As much as I want there to be room for integrated behavioral health, both in the worlds of biomedicine and of mental health care, it’s not clear how or whether that’s going to happen in any significant way. It really seems like such a shame. Biomedicine is a fine thing, and so is specialty mental health care. But there is never going to be enough individual or family therapy to go around, and it’s more than lots of people need or want anyway. And part of the reason the medical care system is bankrupting us all is that we keep throwing more pills and procedures at problems that have at least as much to do with intrapersonal and interpersonal dynamics as they do with physical health or illness.
Just the other day I saw a patient for an integrated care visit. "What brings you in today?” I asked, as a prelude to my standard set of screening questions. She had pain in her shoulder, she said, radiating up her neck and down her arm and side; it had been this way for a couple of months. "What was happening a couple of months ago?” I asked. The patient couldn’t think of anything, but as we talked, more of the particulars of her life emerged: she was the single mother of two young children, going to school, negotiating details of child care with her mother, who was herself rearing two grandchildren close in age to the patient’s children.
It struck me that this patient’s pain might have a lot more to do with her mother than it did with her shoulder. "You know,” I said to the patient, "we don’t do ongoing therapy here, but we would be happy to meet with you on one or several occasions to discuss this further.
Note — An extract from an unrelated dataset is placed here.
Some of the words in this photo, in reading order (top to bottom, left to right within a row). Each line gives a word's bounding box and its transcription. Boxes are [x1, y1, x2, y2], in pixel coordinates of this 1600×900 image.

You could bring your mother, if you liked, and we could all talk together.” "Really?” she said. "What would I say to my mother, to explain why I was bringing her in?” Later in the day I looked at the patient’s chart. The provider had found no organic basis for her pain, but noted that the patient had said she would like to follow up with behavioral health.
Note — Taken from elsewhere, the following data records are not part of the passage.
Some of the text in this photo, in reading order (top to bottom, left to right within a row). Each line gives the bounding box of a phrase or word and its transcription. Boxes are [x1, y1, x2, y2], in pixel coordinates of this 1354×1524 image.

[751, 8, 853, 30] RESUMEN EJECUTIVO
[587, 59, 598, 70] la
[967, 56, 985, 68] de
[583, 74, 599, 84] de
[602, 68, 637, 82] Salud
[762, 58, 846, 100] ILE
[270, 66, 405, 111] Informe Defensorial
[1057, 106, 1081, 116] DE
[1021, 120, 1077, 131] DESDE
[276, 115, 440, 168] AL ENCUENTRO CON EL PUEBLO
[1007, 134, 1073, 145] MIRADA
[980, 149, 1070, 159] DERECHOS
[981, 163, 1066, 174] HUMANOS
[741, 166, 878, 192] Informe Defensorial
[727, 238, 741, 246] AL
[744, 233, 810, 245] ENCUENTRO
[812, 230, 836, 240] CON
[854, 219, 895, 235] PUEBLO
In ensuing days I found myself puzzling over that pain in the patient’s shoulder. If the pain was about her mother, why was it in her shoulder? A pain in the neck I could understand, but why a pain in the shoulder? An image came to mind of the patient and her mother, yoked together, rearing children of the same age, but being themselves of different generations, and one of them the parent of the other. No wonder they were having trouble pulling together. Behavioral health and biomedicine are having trouble pulling together, too. In the current culture of medicine, biomedicine is the established player and behavioral health the young upstart, and it is hard to learn to work together.
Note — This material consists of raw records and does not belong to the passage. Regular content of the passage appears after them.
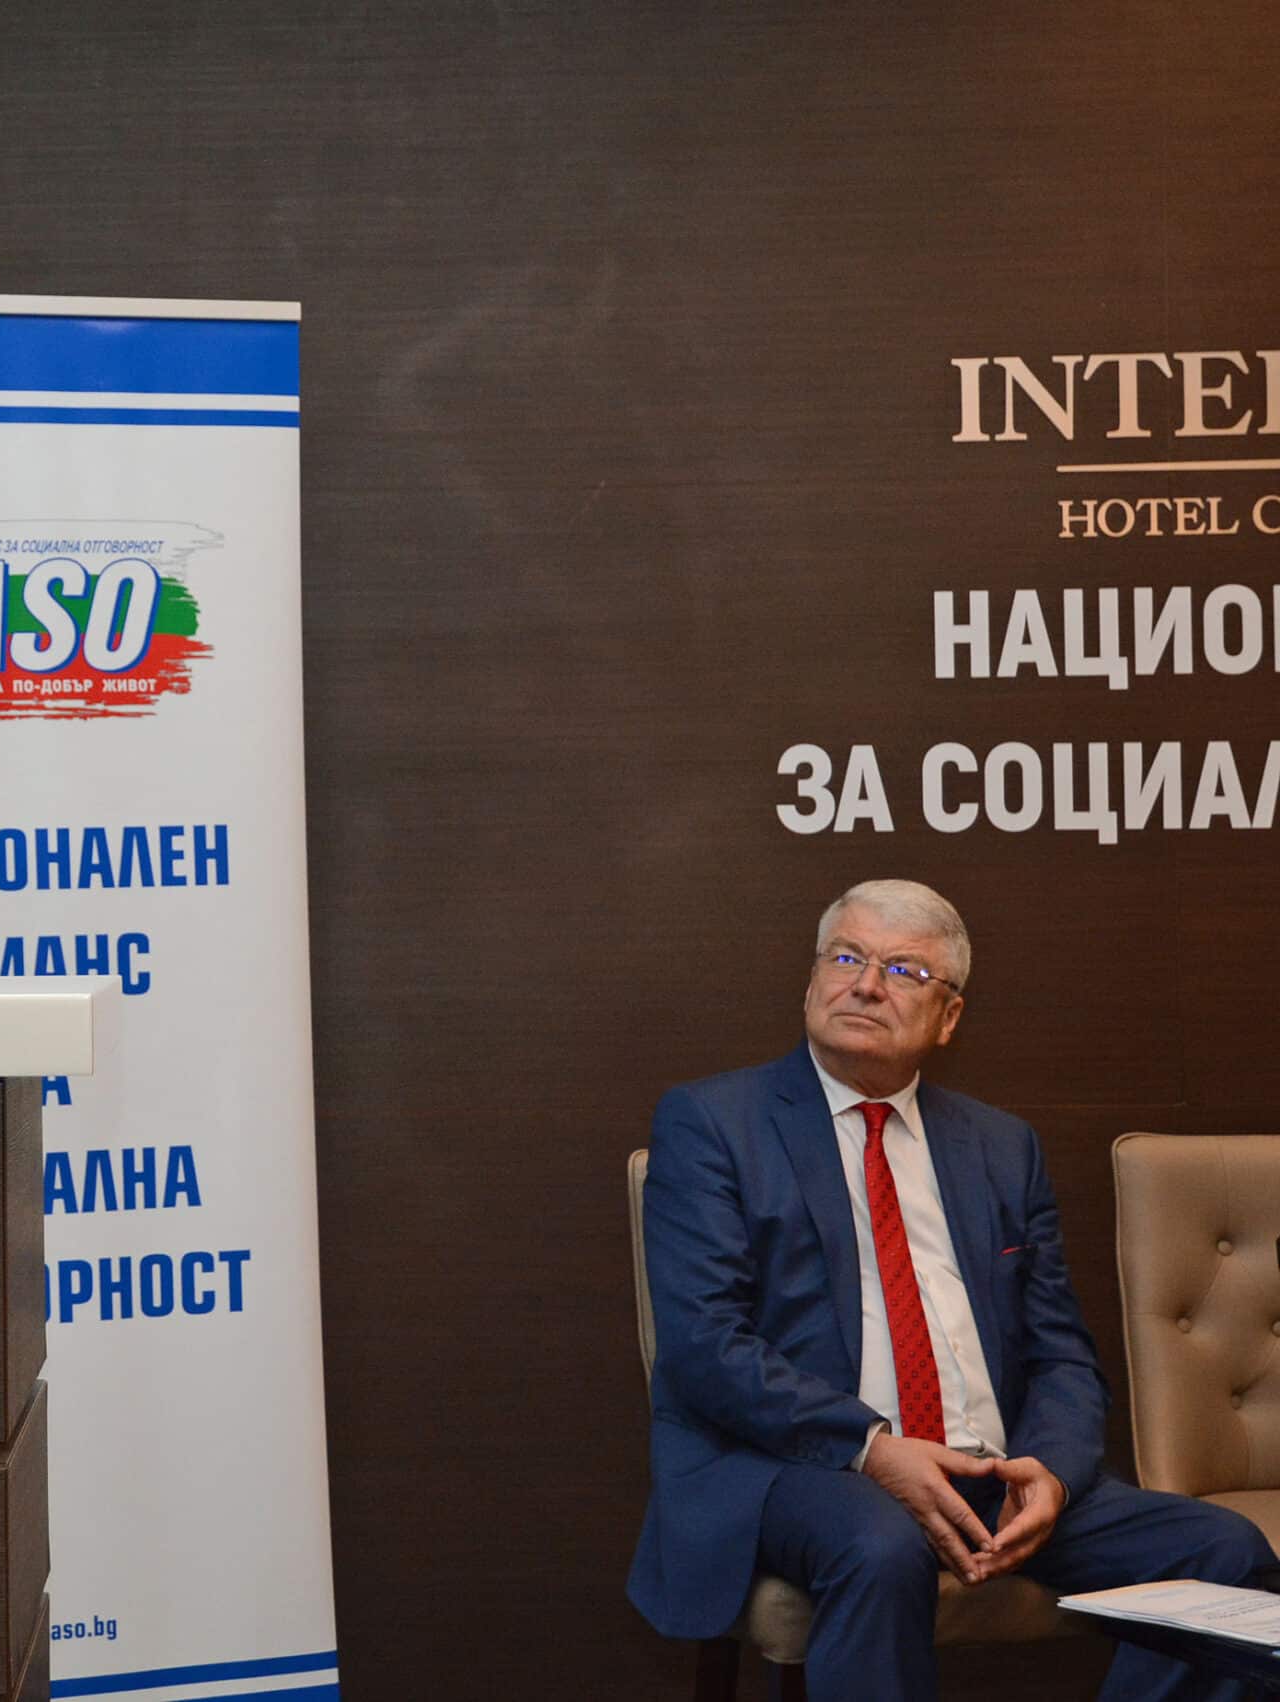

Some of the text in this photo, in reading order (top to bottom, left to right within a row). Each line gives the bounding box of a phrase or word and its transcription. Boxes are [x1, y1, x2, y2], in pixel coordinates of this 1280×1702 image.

[1058, 496, 1240, 538] HOTEL
[4, 539, 19, 553] ЗА
[21, 538, 81, 554] СОЦИАЛНА
[83, 538, 164, 554] ОТГОВОРНОСТ
[933, 583, 1280, 690] НАЦИО
[12, 678, 93, 695] ПО-ДОБЪР
[102, 678, 157, 693] ЖИВОТ
[776, 743, 895, 834] ЗА
[45, 1249, 251, 1324] РНОСТ
[51, 1614, 118, 1641] aso.bg
Will my patient come for a follow-up visit? Maybe she will. Maybe she’ll even bring her mother.If she does, we have a place to meet. After Suzanne and Frank and I and the social worker and the psychiatrist had spent a week falling all over each other in the behavioral-health-cum-social-work office, Suzanne said, "We have to do something about this!” The following week a corner of the office was partitioned off into a consult room. The office wasn’t big to begin with, and the new consult room is the size of a closet, and not a very roomy closet at that. But it has a door and a couple of chairs, and it’s definitely better than nothing. And in a sign that perhaps things are looking up, the bathroom down the corridor is even working.